New report outlines the crisis on the #ColoradoRiver and the ongoing threats: Analysis comes out as water users meet in Las Vegas — The Deseret News #CRWUA2025 #COriver #aridification

A wall bleached, and stained, in Lake Powell. Photo credit Brent Gardner-Smith @AspenJournalism.

Click the link to read the article on The Deseret News website (Amy Joi O’Donoghue). Here’s an excerpt:

December 16, 2025

A new report from Colorado Law’s Colorado River Research Group warns the Colorado River Basin is “out of time,” describing conditions so severe they threaten the region’s water supply, economy and governance. Called “Colorado River Insights 2025: Dancing with Deadpool,” the report details a dire assessment of the basin’s worsening crisis and offers options for reform. According to the report, reservoirs that once stored four years of river flows are now more than two-thirds empty. The authors note a single dry year or two could push Lake Powell and Lake Mead below critical thresholds, jeopardizing hydropower, water deliveries, and even physical conveyance downstream. The report concludes that current operating rules through 2026 are unlikely to prevent this scenario. 
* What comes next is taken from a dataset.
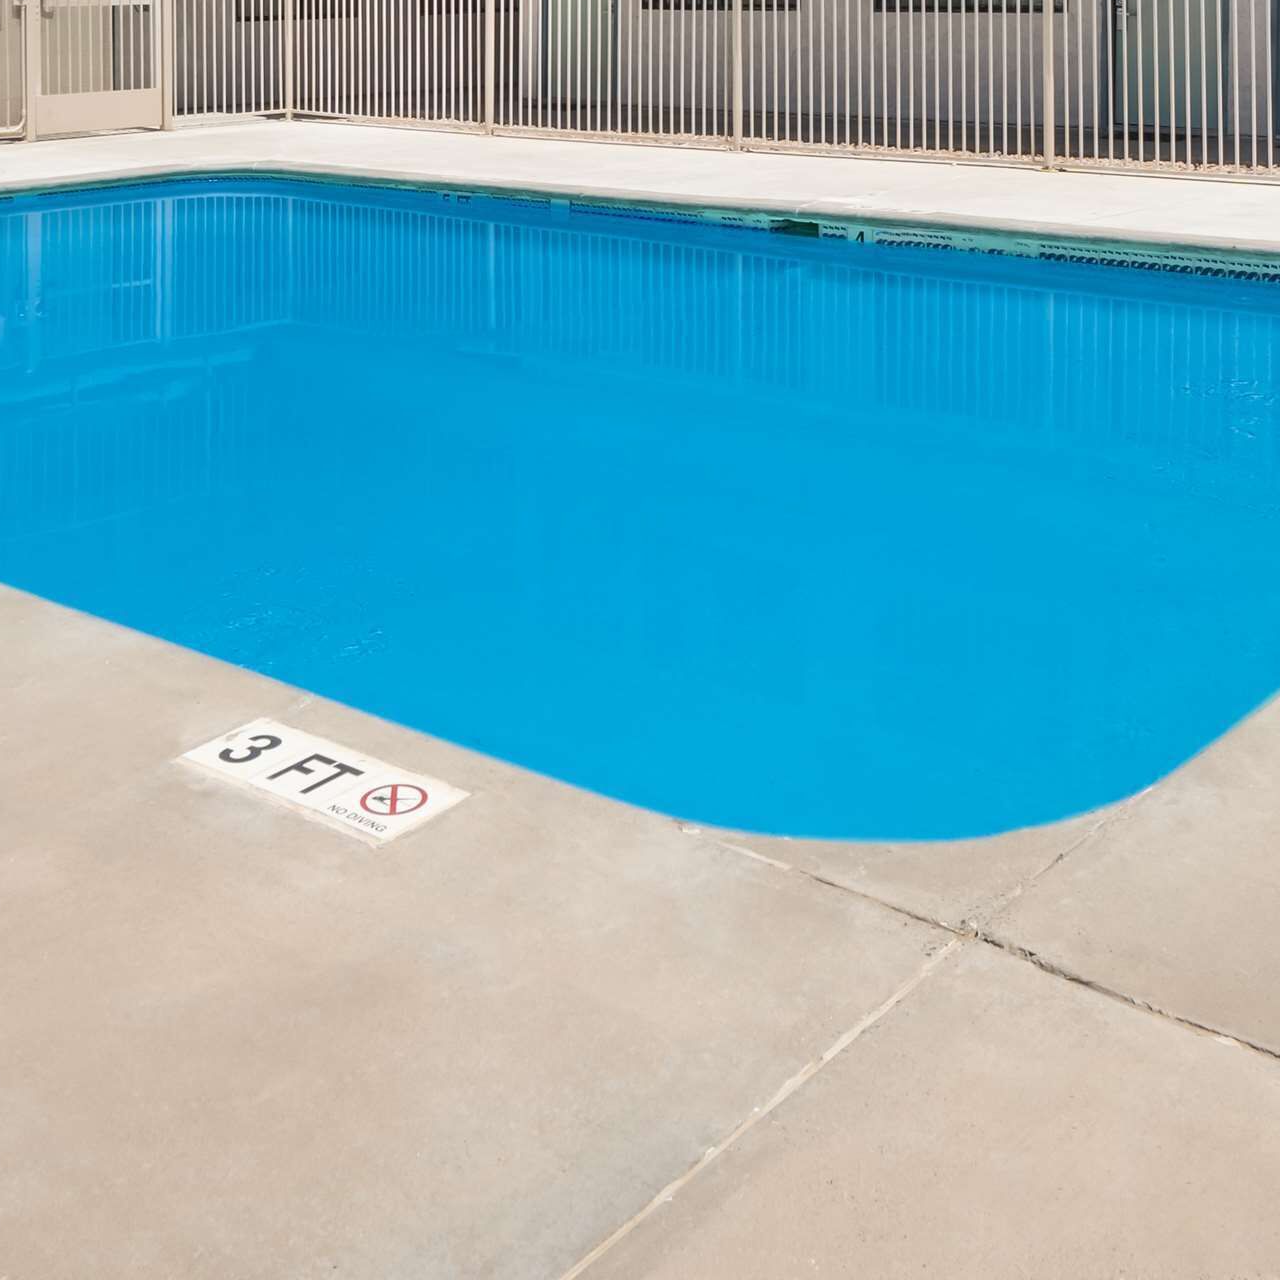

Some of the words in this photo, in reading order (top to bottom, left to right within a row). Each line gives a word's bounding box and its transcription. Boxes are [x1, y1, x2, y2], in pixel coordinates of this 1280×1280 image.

“This report underscores that the basin is out of time, the crisis is no longer theoretical,” said Douglas Kenney, director of the Western Water Policy Program of the Getches-Wilkinson Center at the University of Colorado Law School and chair of the Colorado River Research Group.

“Post-2026 negotiations must produce durable, equitable, climate-realistic solutions — and they must do so urgently. The message is stark: the Colorado River system is now dancing with Deadpool.”

Among the key challenges:

  • Severe shortage risk: The authors warn that if the next two winters are dry, combined usable storage in Powell and Mead could fall below 4 million acre-feet — far short of what’s needed for water supply and compact obligations.
  • Climate-driven decline: Rising temperatures, shrinking snowpack efficiency and ocean-atmosphere interactions are reducing runoff and precipitation. 
  • Safety nets collapsing: Groundwater reserves are rapidly depleting, while federal capacity — funding, staffing and science programs — are eroding. Interstate cooperation is fraying, and litigation may be on the table.

Authors stress that many challenges are self-inflicted and, in their view, solvable with technical, legal and financial tools already available.